Le lecteur se dit alors qu’il va lire une enquête menée par le Policier et suivre ainsi le récit jusqu’à la résolution de l’affaire. Mais pas du tout. Car finalement d’enquête pas ou si peu. L’auteur va ici profiter (si l’on peut dire) de l’assassinat du Curé pour faire ressortir toutes les petitesses de l’humanité et qui s’incarnent ici dans la succession de notables avec lesquels le Policier interagit : le Maire, le Notaire, le Rapporteur de l’Administration, le Maître d’Ecole... tout un aéropage de tristes sires qui souhaitent que l’affaire se résolve vite et selon la manière dont ils veulent s’en servir pour éliminer certains habitants du village.

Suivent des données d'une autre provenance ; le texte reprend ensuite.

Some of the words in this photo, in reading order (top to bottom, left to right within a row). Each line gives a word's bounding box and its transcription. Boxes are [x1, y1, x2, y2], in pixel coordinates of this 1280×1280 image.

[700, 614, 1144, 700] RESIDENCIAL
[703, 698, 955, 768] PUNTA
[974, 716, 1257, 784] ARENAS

Ici, tout n’est que bassesse et vilénie. D’ailleurs, Philippe Claudel compare quasiment tous ces petits messieurs à des animaux (araignées, insectes ou rongeurs) dressant presque un bestiaire digne de La Fontaine et conduisant le lecteur à travers un conte cruel et sanglant.

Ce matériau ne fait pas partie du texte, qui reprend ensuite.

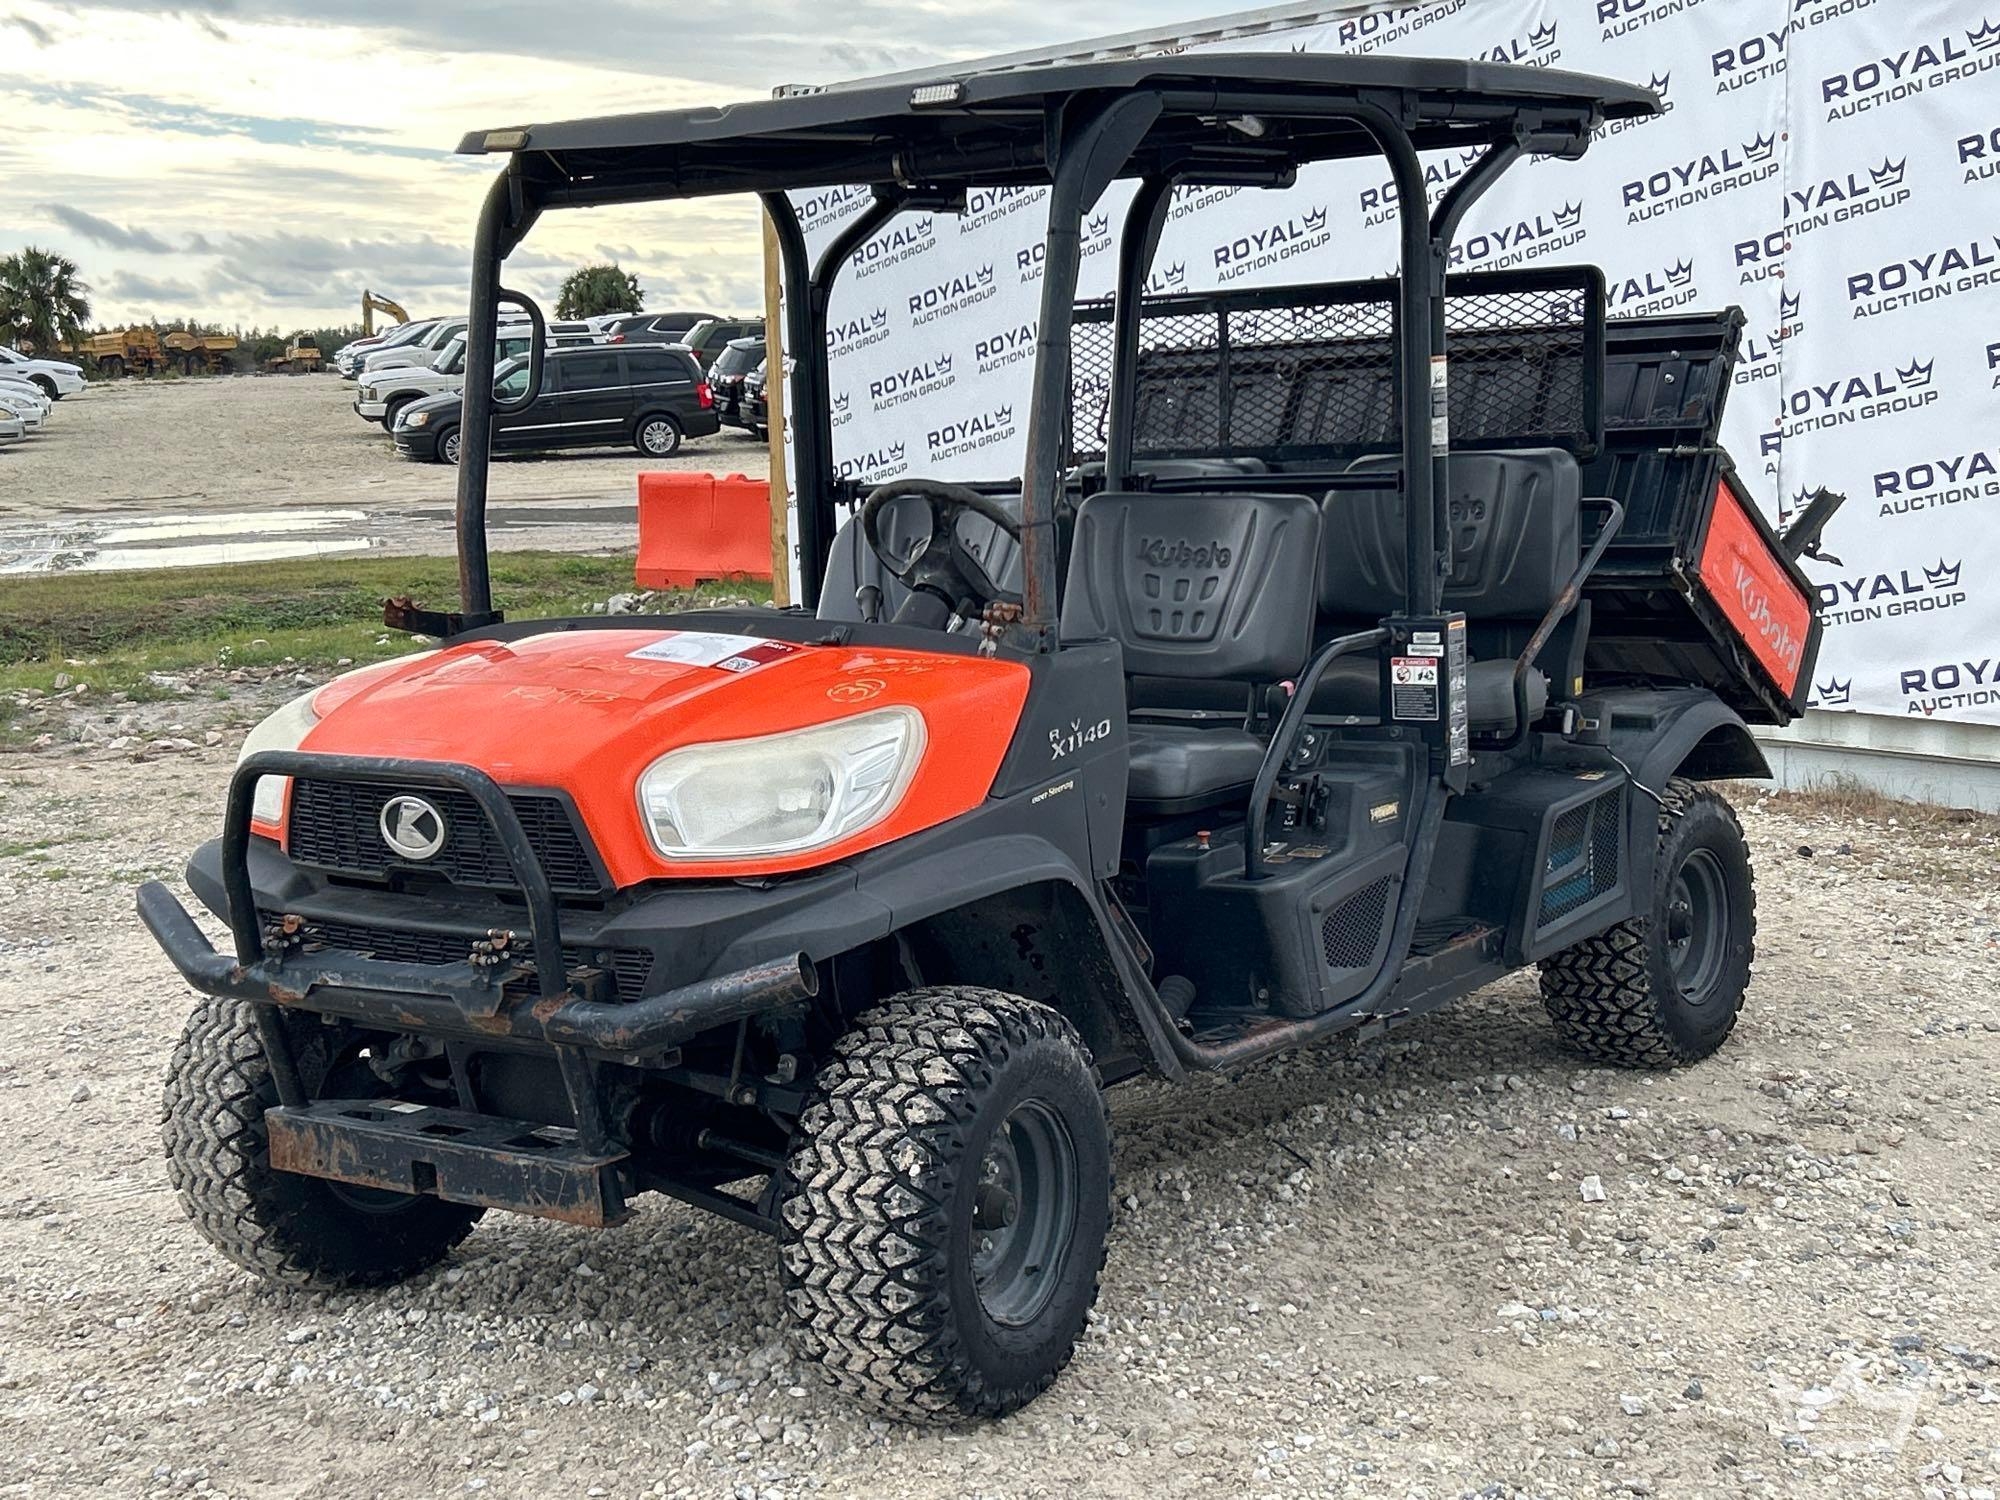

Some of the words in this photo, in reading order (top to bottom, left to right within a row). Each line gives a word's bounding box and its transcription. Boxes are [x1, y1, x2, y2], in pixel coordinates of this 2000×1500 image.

[1602, 0, 1683, 42] AUCTION
[1810, 0, 1877, 25] GROU
[1345, 23, 1409, 55] UCTION
[1712, 25, 1789, 77] ROY
[1716, 58, 1787, 95] AUCTIO
[1822, 37, 1966, 103] ROYAL
[1827, 79, 1923, 123] AUCTION
[1196, 186, 1242, 210] GROUP
[1360, 159, 1461, 212] ROAL
[1622, 149, 1743, 207] ROYAL
[1627, 187, 1707, 225] AUCTION
[1710, 163, 1779, 196] GROUP
[1784, 174, 1869, 219] YAL
[795, 185, 853, 221] ROYAL
[801, 211, 837, 234] UCTION
[838, 195, 872, 218] GROUP
[960, 206, 1006, 235] AUCTION
[1008, 188, 1046, 213] GROUP
[1784, 213, 1828, 238] TION
[1834, 189, 1910, 223] GROUP
[853, 226, 917, 267] ROYAL
[856, 256, 899, 281] AUCTION
[901, 238, 936, 260] GROUP
[1080, 238, 1112, 258] ROUP
[1214, 220, 1303, 268] ROYAL
[1218, 249, 1277, 284] AUCTION
[1280, 232, 1331, 260] GROUP
[1448, 216, 1553, 269] ROYAL
[1467, 251, 1522, 273] CTION
[1526, 229, 1586, 259] GROUP
[1848, 242, 1994, 301] ROYAL
[909, 272, 977, 314] ROYAL
[912, 299, 958, 327] AUCTION
[960, 286, 996, 309] GROUP
[1635, 288, 1697, 319] GROUP
[1853, 282, 1952, 319] AUCTION
[1957, 267, 2000, 292] GRO
[826, 318, 871, 347] OYAL
[856, 329, 890, 350] GROUP
[870, 362, 936, 399] ROYAL
[979, 351, 1025, 374] AUCTION
[1735, 362, 1781, 385] GRO
[873, 390, 917, 413] AUCTION
[919, 375, 956, 397] GROUP
[1781, 409, 1855, 438] UCTION
[1860, 390, 1938, 420] GROUP
[832, 412, 852, 427] OUP
[927, 413, 995, 449] ROYAL
[833, 450, 889, 481] ROYAL
[930, 440, 976, 463] AUCTION
[978, 427, 1015, 449] GROUP
[874, 463, 908, 481] GROUP
[1874, 452, 1997, 498] ROYA
[1879, 485, 1980, 517] AUCTION
[1137, 538, 1231, 569] Kubota
[1732, 557, 1799, 674] Kubota
[1821, 605, 1881, 628] CTION
[1887, 592, 1966, 617] GROUP
[1901, 659, 2000, 694] ROY
[1051, 719, 1110, 760] X1140

L’auteur réussit par ailleurs à maintenir l’intérêt du lecteur alors même qu’aucun des personnages n’attire la sympathie, hormis l’Adjoint Baraj, bonne brute inoffensive et la jeune Lémia. Les deux points lumineux et porteurs d’espoir de ce récit. Tous les autres ont un côté abject, calculateur, froid et jusqu’au Policier dont l’obsession pour le sexe le conduit aux pires actes.
Philippe Claudel tisse ainsi peu à peu la toile d’un récit à la noirceur accablante, conduisant ses personnages vers un inéluctable terrifiant mais presque naturel une fois que les portraits de chacun sont dressés. Plusieurs scènes nous amènent au cœur même des cercles de l’enfer, là où l’Homme perd toute humanité et ne répond plus qu’à sa part d’ombre.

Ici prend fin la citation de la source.